These linear regression models depict our four selected stats plotted against wins in 2014. The four plots show that K/9 and K/BB have slight positive correlations with wins while WHIP and ERA have strong negative correlations with wins. We have also plotted the fitted values vs. the residuals values for each regression model. In all of these plots, there is no clear pattern and the data is generally a random cloud of points. For the ERA and WHIP plots, the data points are even less clustered which means that there is a strong correlation between wins and these statistics.
## [1] "Correlation between Wins and K/9 2017"
## [1] 0.7554183
## [1] "Correlation between Wins and K/BB 2017"
## [1] 0.7851053
## [1] "Correlation between Wins and WHIP 2017"
## [1] -0.8444133
## [1] "Correlation between Wins and ERA 2017"
## [1] -0.8394133
This visualization shows our selected statistics in 2017 correlated against each other. Once again, ERA and WHIP are most strongly correlated with wins. However, K/9 and K/BB also are much more closely correlated with wins than in 2014. In 2017, there were almost 3000 more total strikeouts compared to 2014. In general, baseball has become more strikeout focused and pitchers are intentionally trying to throw harder. Thus, a higher percentage of total outs were coming via the strikeout so K/9 drastically increased. Because pitchers have to get outs to win games and more of these outs came via strikeout, it makes sense that the correlation between K/9 and wins then increased too. The correlation between K/BB and wins also increased by a moderate amount. This means that teams that won more had a higher K/BB value. We are not able to determine why this occurred without additional datasets but we hypothesize that good teams placed an added emphasis on strikeouts which resulted in a higher correlation coefficient.
These linear regression models depict our four selected stats plotted against wins in 2017. The four plots show that K/9 and K/BB have strong positive correlations with wins while WHIP and ERA have even stronger negative correlations with wins. However, as discussed above, this makes sense because it is better to have a lower ERA and WHIP. We have also plotted the fitted values vs. the residuals values for each regression model. In all of these plots, there is no clear pattern and the data does not really form clusters. This means that a linear regression model was a suitable model to measure these correlations. For ERA and WHIP, the correlation with wins remained high in both 2014 and 2017 which suggests that our hypothesis is correct.
## [1] 0.4
This decision tree shows that teams with an ERA above 4 make up the bottom 27% of league. It then classifies the teams with ERAs lower than 4 into two groups- those with a WHIP higher or lower than 1.3. The teams with a WHIP lower than 1.3 make up the top 50% of the league and the teams with a WHIP higher than 1.3 comprise the remaining 23% in the middle.

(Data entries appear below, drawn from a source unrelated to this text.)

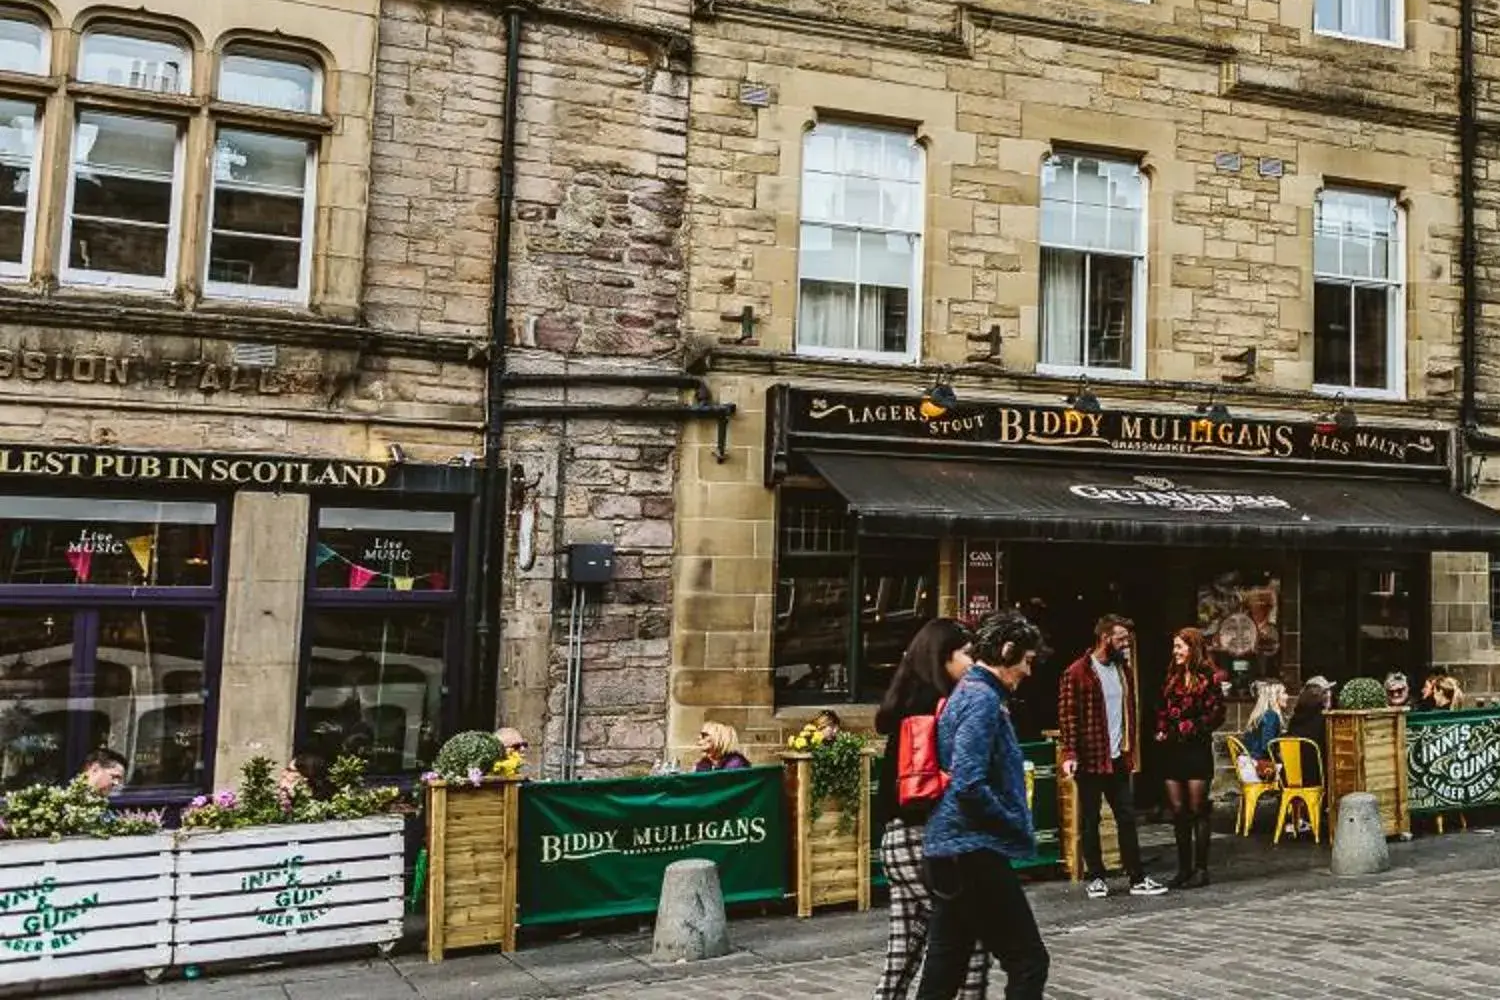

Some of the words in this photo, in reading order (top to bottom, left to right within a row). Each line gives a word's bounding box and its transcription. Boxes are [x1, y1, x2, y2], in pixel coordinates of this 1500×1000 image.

[848, 405, 929, 424] LAGERS
[929, 415, 985, 435] STOUT
[1000, 407, 1102, 443] BIDDY
[1120, 415, 1293, 457] MULLIGANS
[1310, 433, 1350, 454] ALES
[1355, 433, 1406, 458] MALTS
[94, 453, 162, 478] PUB
[168, 457, 206, 480] IN
[211, 459, 388, 486] SCOTLAND
[67, 541, 123, 554] MUSIC
[80, 529, 113, 543] Live
[363, 549, 412, 561] MUSIC
[1421, 724, 1471, 764] INNIS
[1457, 743, 1469, 760] &
[1450, 741, 1500, 780] GUNN
[1431, 776, 1465, 799] LAGER
[1467, 773, 1496, 797] BEER
[540, 829, 619, 863] BIDDY
[632, 817, 768, 847] MULLIGANS

This decision tree also has a prediction accuracy of 0.4, which is pretty low. This value is low because we’re training on the 2014 data, which has 30 data points because there are 30 baseball teams, and then testing on the 2017 data which also has 30 data points. We expect it would be higher if we had more data points to train on.
## [1] 0.3
Naive Bayes has a prediction accuracy of 0.3. Like the decision tree, this is also very low because we’re training and testing on 30 data points.
## [1] 0.3666667
KNN has a prediction accuracy of around 0.33. Like the other two classifiers, this value is low because we only have one dataset to train on.
## [1] 0.4
This decision tree shows that teams with a WHIP above 1.3 make up the 30% of the teams with the highest ERA. It then classifies the teams with WHIPs lower than 1.3 into two groups- those with a WHIP higher or lower than 1.2. The teams with a WHIP lower than 1.2 make up the 27% of the league with the lowest ERA and the teams with a WHIP between 1.2 and 1.3 comprise the remaining 43% in the middle.

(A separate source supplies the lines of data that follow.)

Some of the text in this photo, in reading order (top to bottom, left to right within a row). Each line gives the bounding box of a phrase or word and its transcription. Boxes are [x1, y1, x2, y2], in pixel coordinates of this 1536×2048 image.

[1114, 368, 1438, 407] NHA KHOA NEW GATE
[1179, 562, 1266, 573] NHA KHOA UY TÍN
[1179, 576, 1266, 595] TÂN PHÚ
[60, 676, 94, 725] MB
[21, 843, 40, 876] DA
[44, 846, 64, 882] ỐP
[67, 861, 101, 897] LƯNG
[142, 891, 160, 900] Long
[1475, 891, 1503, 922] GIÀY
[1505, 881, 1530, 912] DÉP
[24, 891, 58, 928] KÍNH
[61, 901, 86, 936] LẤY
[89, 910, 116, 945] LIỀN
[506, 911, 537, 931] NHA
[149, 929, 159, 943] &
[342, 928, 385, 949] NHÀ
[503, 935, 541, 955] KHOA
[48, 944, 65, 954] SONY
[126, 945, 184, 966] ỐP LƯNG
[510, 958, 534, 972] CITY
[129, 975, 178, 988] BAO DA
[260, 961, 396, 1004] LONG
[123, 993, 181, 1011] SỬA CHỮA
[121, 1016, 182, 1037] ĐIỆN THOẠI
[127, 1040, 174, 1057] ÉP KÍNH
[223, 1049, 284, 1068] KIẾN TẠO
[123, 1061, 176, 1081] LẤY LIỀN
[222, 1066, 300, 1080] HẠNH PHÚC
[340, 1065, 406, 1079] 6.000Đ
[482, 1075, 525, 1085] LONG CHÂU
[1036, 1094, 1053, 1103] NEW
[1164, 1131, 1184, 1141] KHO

The prediction accuracy for this classifier is 0.4. This, tree like the previous decision tree, was trained on the 2014 data and tested on the 2017 data. Thus, its accuracy was low because we did not have enough training data.
## [1] 0.4
Naive Bayes has a prediction accuracy of 0.4. Like the decision tree, this is also low because we’re training and testing on the same number of data points.
## [1] 0.5
KNN has a prediction accuracy of around 0.46. This value still isn’t great but is higher than the other classifiers.
Our geom area visualization demonstrates the range area for each statistic. We found that K/9 can range from anywhere from 5 to 8.75. This range is quite sizeable compared to WHIP, for which the range is between 1.25 and 2.5. The range of these statistics is indicative of the variables themselves, as WHIP is measured on a per inning basis and k/9 is measured per game.
Again, we have looked at the distribution for 2017. The distribution looks similar to the 2014 data except there is a larger range for K/9.
This bar graph compares the number of wins between 2014 and 2017 for our eight selected teams: Astros, Cubs, Diamondbacks, Indians, Red Sox, Rockies, Twins, and Yankees. Each team won more games in 2017 than in 2014.
This bar graph shows the eight teams’ ERA in 2014 and 2017. For each team, ERA either decreases or stays about the same. The Astros who had the greatest difference in team wins had their team ERA only very slightly. However, the Diamondbacks who had the second largest difference in wins between these two years saw their ERA decrease by 0.59 points, a huge jump. These results also confirm that ERA is a strong indicator of team performance.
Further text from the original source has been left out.